_How to complete this task_.
Go to the line that includes "this 1500×1333 image." and retype it, then every line after it to the end of the data, adding nothing.

_Provided records_.
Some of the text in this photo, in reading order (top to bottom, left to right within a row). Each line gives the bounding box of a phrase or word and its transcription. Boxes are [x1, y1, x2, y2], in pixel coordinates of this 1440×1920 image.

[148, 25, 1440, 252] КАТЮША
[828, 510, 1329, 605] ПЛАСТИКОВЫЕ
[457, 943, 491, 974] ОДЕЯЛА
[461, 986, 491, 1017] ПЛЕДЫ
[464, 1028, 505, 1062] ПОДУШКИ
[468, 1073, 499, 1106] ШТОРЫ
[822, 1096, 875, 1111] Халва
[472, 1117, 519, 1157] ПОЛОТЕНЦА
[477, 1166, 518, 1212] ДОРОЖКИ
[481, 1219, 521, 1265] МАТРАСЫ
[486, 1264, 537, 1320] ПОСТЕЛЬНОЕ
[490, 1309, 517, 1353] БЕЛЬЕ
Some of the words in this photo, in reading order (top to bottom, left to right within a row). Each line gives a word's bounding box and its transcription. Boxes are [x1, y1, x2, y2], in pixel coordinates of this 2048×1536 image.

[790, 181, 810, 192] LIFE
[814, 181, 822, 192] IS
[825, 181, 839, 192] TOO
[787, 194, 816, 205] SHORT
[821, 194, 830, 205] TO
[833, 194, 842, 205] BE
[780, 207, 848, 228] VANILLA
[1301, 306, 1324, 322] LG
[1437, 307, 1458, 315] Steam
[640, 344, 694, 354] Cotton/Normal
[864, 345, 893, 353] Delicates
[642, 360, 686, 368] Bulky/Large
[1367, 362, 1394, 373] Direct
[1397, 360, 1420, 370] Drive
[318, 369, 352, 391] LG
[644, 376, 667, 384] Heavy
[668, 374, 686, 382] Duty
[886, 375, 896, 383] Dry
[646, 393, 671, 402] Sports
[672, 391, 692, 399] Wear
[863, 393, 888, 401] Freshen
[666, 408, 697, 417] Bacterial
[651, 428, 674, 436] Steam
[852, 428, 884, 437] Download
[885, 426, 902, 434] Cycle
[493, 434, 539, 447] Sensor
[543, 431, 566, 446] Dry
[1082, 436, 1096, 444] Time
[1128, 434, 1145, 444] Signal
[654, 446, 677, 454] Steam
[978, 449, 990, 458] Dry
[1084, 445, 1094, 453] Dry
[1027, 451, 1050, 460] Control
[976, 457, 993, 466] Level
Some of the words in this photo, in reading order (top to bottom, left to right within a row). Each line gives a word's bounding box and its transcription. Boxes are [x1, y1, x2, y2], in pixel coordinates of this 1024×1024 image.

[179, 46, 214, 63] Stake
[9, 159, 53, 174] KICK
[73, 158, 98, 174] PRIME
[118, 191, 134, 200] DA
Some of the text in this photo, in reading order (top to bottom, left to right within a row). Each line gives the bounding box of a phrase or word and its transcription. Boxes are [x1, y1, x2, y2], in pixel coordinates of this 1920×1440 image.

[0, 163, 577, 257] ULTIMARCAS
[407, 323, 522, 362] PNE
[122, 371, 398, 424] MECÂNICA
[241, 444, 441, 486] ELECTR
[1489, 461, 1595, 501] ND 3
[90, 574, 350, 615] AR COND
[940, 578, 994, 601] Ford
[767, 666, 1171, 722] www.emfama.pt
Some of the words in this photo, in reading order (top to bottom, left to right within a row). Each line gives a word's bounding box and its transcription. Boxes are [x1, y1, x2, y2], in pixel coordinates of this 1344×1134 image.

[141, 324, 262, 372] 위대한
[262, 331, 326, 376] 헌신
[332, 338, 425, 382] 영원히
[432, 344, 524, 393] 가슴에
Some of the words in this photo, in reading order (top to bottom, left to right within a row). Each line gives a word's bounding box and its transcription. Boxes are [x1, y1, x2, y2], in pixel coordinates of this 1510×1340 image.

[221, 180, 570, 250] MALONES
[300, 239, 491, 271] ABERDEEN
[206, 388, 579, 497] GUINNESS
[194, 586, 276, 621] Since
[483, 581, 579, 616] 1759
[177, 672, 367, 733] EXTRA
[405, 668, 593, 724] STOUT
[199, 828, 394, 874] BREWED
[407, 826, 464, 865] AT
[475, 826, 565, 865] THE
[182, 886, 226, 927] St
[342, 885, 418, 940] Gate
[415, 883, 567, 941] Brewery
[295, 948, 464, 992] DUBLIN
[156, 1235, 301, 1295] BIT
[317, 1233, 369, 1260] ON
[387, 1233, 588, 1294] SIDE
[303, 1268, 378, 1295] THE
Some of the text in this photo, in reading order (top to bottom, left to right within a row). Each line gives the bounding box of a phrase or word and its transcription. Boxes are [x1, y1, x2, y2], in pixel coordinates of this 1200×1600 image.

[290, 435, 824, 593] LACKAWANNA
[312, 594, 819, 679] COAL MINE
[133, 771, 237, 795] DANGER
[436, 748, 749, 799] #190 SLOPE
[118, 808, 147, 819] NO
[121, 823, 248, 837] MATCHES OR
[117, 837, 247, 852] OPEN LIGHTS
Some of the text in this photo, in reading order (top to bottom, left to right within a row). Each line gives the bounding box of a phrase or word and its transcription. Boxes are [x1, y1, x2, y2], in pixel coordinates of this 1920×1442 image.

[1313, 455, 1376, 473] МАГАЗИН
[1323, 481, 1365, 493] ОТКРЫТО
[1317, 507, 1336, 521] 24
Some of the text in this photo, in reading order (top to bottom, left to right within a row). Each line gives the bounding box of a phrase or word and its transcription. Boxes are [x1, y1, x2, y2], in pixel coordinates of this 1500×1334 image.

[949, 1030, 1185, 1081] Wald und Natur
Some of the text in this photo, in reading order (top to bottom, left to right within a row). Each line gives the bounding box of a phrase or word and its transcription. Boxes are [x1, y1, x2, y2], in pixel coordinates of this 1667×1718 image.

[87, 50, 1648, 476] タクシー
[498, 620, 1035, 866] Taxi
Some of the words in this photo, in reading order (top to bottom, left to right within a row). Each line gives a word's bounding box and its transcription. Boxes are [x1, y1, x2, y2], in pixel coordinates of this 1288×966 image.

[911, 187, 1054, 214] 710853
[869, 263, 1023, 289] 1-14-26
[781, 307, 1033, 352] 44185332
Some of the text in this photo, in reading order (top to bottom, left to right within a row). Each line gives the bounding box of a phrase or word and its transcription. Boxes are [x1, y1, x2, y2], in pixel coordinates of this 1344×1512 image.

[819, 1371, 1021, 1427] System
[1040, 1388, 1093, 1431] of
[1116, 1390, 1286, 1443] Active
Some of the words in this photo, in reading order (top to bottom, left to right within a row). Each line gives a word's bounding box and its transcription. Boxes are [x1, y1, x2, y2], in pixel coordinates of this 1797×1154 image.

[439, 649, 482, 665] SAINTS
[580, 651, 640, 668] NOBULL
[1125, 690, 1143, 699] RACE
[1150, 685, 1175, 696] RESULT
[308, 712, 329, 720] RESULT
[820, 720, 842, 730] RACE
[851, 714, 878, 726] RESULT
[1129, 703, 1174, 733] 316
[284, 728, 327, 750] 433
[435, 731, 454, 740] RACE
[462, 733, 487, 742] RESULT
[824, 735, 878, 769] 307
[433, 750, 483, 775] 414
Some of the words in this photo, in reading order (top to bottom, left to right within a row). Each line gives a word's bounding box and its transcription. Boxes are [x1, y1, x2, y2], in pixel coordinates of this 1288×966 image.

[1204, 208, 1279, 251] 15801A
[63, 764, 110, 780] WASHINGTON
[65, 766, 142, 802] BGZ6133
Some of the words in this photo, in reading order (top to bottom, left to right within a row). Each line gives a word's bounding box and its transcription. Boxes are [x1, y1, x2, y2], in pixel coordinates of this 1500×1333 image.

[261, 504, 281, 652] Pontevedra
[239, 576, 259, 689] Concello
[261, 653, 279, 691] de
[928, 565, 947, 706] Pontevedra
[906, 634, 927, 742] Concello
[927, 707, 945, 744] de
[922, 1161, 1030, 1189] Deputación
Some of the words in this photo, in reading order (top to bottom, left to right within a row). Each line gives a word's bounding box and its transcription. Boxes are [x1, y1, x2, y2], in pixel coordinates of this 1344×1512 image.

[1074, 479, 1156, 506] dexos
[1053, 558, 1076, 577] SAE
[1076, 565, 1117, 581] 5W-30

_Your response_.
Some of the words in this photo, in reading order (top to bottom, left to right within a row). Each line gives a word's bounding box and its transcription. Boxes are [x1, y1, x2, y2], in pixel coordinates of this 1500×1333 image.

[261, 504, 281, 652] Pontevedra
[239, 576, 259, 689] Concello
[261, 653, 279, 691] de
[928, 565, 947, 706] Pontevedra
[906, 634, 927, 742] Concello
[927, 707, 945, 744] de
[922, 1161, 1030, 1189] Deputación
Some of the words in this photo, in reading order (top to bottom, left to right within a row). Each line gives a word's bounding box and its transcription. Boxes are [x1, y1, x2, y2], in pixel coordinates of this 1344×1512 image.

[1074, 479, 1156, 506] dexos
[1053, 558, 1076, 577] SAE
[1076, 565, 1117, 581] 5W-30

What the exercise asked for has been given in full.